Thanks mate, well would you want your car cloths to go in the same machine as your family's smellies? :lol: standards need maintaining :lol: dedicated tumble dryer might get added once the guinea pig 'moves on' and gives me a bit of floor space back :lol:



dave_beast said:


> Hi Clive, stunning DS3, is it a petrol or diesel? A few of us got decided to leave DS3 club UK and start our own forum, there's a few of us into detailing over on there. Here's mine, had it since April and it's been detailed by myself twice http://ds3club.eu/showthread.php?t=15


Thanks Dave, it's the THP 150 petrol Sport Plus, the mid-life crisis gets worse  thanks for the info.

Regards,
Clive.


----------



## saxo_gray (Jul 19, 2011)

I absolutely love these cars, a really good job on the detail. Always better when you've such a nice car to begin with


----------



## ade33 (Jun 4, 2008)

Every now and then Citroen come up with a car that is both unusual and fantastic at the same time - I really think they've pulled it out of the bag with the DS3, such a cool car. Struggling to suppress the envy over here.......  :thumb:

Nice work too, btw! Wheels look fab.


----------



## Sawyer (Feb 24, 2011)

Wow very nice!


----------



## chud786 (May 16, 2011)

Looks really nice Clive.

Hope mine looks as good when you have finished with it!

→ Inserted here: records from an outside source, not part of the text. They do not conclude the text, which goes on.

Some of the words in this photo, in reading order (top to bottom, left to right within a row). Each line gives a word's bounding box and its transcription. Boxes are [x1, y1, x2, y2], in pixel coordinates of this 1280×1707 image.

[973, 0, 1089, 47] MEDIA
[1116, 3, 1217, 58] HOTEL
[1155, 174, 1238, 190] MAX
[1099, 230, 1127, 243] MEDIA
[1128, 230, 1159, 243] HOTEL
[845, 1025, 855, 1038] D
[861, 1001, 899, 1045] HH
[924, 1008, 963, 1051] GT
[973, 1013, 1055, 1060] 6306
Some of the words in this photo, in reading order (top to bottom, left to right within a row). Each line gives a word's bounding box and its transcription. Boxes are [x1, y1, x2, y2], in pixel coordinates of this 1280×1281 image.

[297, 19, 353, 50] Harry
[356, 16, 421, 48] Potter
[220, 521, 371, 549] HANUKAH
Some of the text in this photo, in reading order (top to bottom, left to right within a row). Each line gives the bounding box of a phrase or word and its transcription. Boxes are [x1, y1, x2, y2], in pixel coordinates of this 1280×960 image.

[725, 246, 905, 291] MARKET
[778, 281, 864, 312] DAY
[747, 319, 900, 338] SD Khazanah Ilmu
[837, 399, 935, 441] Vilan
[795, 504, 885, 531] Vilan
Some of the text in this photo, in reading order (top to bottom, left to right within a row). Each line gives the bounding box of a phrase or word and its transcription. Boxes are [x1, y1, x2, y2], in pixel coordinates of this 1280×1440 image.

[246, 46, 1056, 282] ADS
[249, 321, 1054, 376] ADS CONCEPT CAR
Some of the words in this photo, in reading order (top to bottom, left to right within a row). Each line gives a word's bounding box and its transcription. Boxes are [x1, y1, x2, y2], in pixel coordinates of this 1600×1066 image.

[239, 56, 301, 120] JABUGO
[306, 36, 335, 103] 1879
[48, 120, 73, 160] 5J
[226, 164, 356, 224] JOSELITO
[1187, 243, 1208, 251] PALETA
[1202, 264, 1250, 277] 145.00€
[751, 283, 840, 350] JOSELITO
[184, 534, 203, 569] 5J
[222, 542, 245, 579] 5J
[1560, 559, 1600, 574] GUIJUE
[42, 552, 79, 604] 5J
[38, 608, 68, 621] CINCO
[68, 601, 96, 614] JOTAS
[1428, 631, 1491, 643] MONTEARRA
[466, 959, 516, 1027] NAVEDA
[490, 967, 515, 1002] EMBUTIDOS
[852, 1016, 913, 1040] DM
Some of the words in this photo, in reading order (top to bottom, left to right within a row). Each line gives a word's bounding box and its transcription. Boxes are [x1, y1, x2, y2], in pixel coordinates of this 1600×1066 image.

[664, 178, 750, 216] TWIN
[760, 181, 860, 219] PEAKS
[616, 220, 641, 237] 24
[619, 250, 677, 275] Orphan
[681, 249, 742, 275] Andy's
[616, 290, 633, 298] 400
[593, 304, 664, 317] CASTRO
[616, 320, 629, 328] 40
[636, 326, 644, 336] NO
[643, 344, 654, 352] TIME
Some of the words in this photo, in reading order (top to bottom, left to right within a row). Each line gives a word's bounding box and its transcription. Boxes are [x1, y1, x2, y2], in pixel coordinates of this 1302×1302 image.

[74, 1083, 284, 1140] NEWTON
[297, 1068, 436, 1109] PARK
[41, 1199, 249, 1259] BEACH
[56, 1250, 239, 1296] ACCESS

I haven't forgotten your kind offer, just got to find time.


----------



## Dave KG (Feb 23, 2006)

Looking good there Clive, looking forward to seeing this car in the flesh at the weekend  ... Good weapon of choice for the machine polishing, can't beat 205 really  Nice writeup too, good job at laying out in detail what you are doing with pics :thumb:


----------



## Demetrios72 (Jun 27, 2011)

Great job Clive!!! :thumb:


----------



## Mr Face (Jan 22, 2009)

Hi Clive, now she is indeed a beautiful funky motor :thumb: 

Nice work and gorgeous result.


----------



## illeagalhunter (Jun 17, 2007)

Looks great ill need to get mine as shinny


----------



## AygoGUMMY (Nov 21, 2010)

Very very very nice indeed!


----------